A leaked phone call by Donald Trump and his lawyers to Georgia’s election officials on Saturday is raising questions about the president’s attempts to interfere in the state’s elections process.
The audio of the hour-long call, which was first reported by the Washington Post between Trump, Georgia’s Secretary of State Brad Raffensperger and others, featured several exchanges with the president urging that “11,780 votes” be found to overturn the state’s election results.
“We’re going to have an accurate number over the next two days with certified accountants, but an accurate number will be given, but it’s in the 50s of thousands, and that’s people that went to vote, and they were told they can’t vote because they’ve already been voted for, and it’s a very sad thing,” Trump said. “They walked out complaining, but the number’s large. We’ll have it for you, but it’s very, it’s much more than the number of 11,779. That’s the current margin, is only 11,779. Brad, I think you agree with that, right?”
The President later added, “I just want to find 11,780 votes, which is one more than we have.” President-elect Joe Biden won Georgia by a total of 11,779 votes– a total certified on Dec. 14.
A semi-incoherent conversation that at times hard to follow provided a look into Trump’s desperate attempts to overturn the election results in Georgia. It also proved the president’s unwillingness to accept the certified results and asserts his intentions to try and remain in office for a second term.
“There’s no way I lost Georgia,” Trump said, a phrase he repeated on the call several times. “We won by hundreds of thousands of votes.”
A statement rebuked by Raffensperger and Georgia’s chief attorney Ryan German throughout the conversation.
“Well, Mr. President, the challenge that you have is the data you have is wrong,” said Raffensperger.
“We talked to the congressmen, and they were surprised. But they — I guess, there’s a person named Mr. Brainard that came to these meetings and presented data, and he said that there was dead people, I believe it was upward of 5,000. The actual number were two. Two. Two people that were dead that voted. And so, that’s wrong, that was two.”
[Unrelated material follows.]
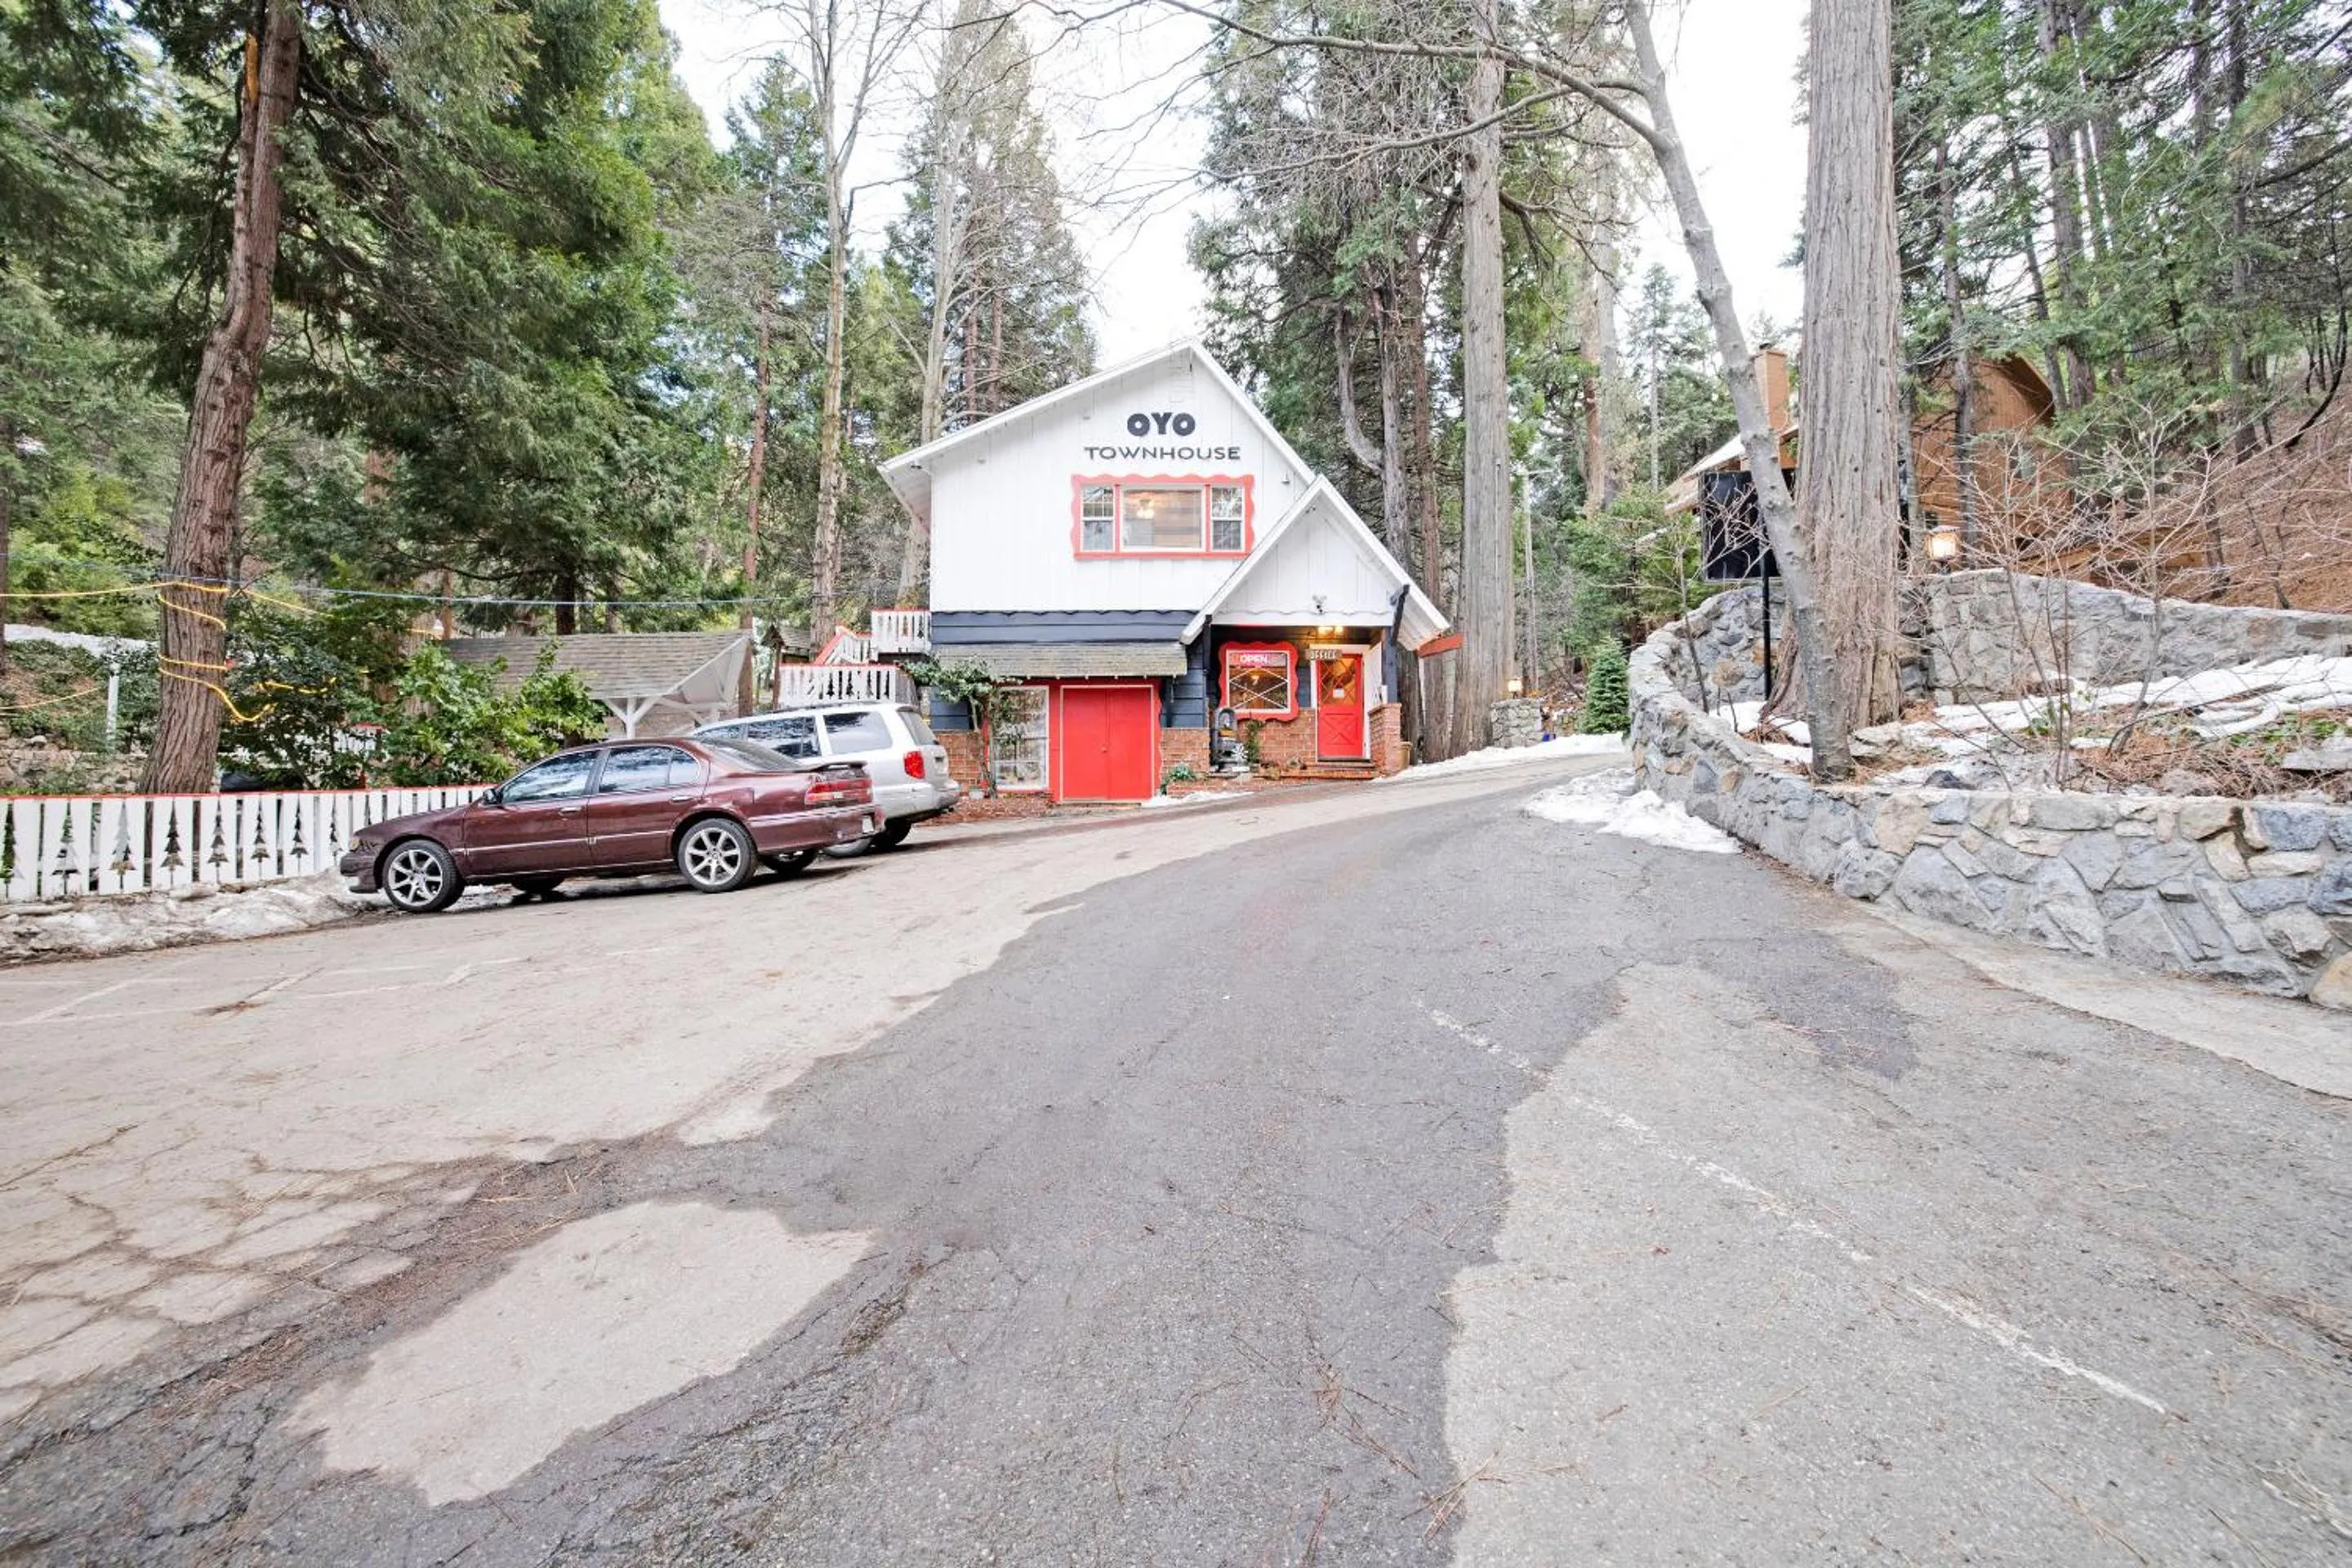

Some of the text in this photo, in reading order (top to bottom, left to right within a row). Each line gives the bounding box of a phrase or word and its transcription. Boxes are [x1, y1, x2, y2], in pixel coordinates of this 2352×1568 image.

Trump asked officials about an incident from election night with a pipe bursting at State Farm Arena. A series of events that was edited down for a viral video and later presented by Rudy Giuliani as an “example” of fraudulent activity. Raffensperger said the entire video was reviewed by WSB-TV and presented to representatives of the Trump Campaign. He also said the events were thoroughly investigated by the Georgia Bureau of Investigation and found no instances of wrongdoing. Germany backed up Raffensperger’s comments by saying, “We had our law enforcement officers talk to everyone who was, who was there after that event came to light. G.B.I. was with them as well as F.B.I. agents.”
Trump responded by challenging the process of that investigation saying, “Well, there’s no way they could — then they’re incompetent. They’re either dishonest or incompetent, OK?”
“There’s only two answers, dishonesty or incompetence. There’s just no way. Look. There’s no way. And on the other thing, I said too, there’s no way. I mean, there’s no way that these things could have been, you know, you have all these different people that, that voted but they don’t live in Georgia anymore. What was that number, Cleta? That was a pretty good number, too.”
The president moved on to accuse voting machine manufacture Dominion of removing equipment out of the state.
“That Dominion is really moving fast to get rid of their, uh, machinery,” Trump stated. “Do you know anything about that? Because that’s illegal, right?”
Germany responded by saying the accusation by Trump was false. An executive for Dominion filed a lawsuit against the Trump campaign, Rudy Giuliani, Trump adviser Sidney Powell, conservative media outlets One America News Network and Newsmax Media and right-wing website Gateway Pundit for defamation on Dec. 22.
An entire transcript and audio of the call can be found here.
A report from the New York Times said Trump may have violated laws that prohibit interference in federal or state elections, but it’s unlikely any charges would be pursued against the President.
“It seems to me like what he did clearly violates Georgia statutes,” said Leigh Ann Webster, an Atlanta criminal defense lawyer told the Times citing a state law that makes it illegal for anyone who “solicits, requests, commands, importunes or otherwise attempts to cause the other person to engage” in election fraud.”
Bob Bauer, a senior adviser to President-elect Biden, issued a statement about Trump’s call on Sunday.
“We now have irrefutable proof of a president pressuring and threatening an official of his own party to get him to rescind a state’s lawful, certified vote count and fabricate another in its place,” Bauer said. “It captures the whole, disgraceful story about Donald Trump’s assault on American democracy.”
A busy schedule for the President this week who’s expected to be stumping for the Republican Senate candidates in Georgia before Tuesday’s runoff election. He’ll then return to Washington to protest the certification of electoral vote by Congress on Wednesday. A win by the Democratic candidates in both races would flip control of the Senate before Biden’s inauguration on Jan. 20.
Georgia is one of several battleground states where the Trump campaign have fought unsuccessfully to reverse the results of November’s election. Out of the more than 50 lawsuits, none of them have proven widespread voter fraud or misconduct.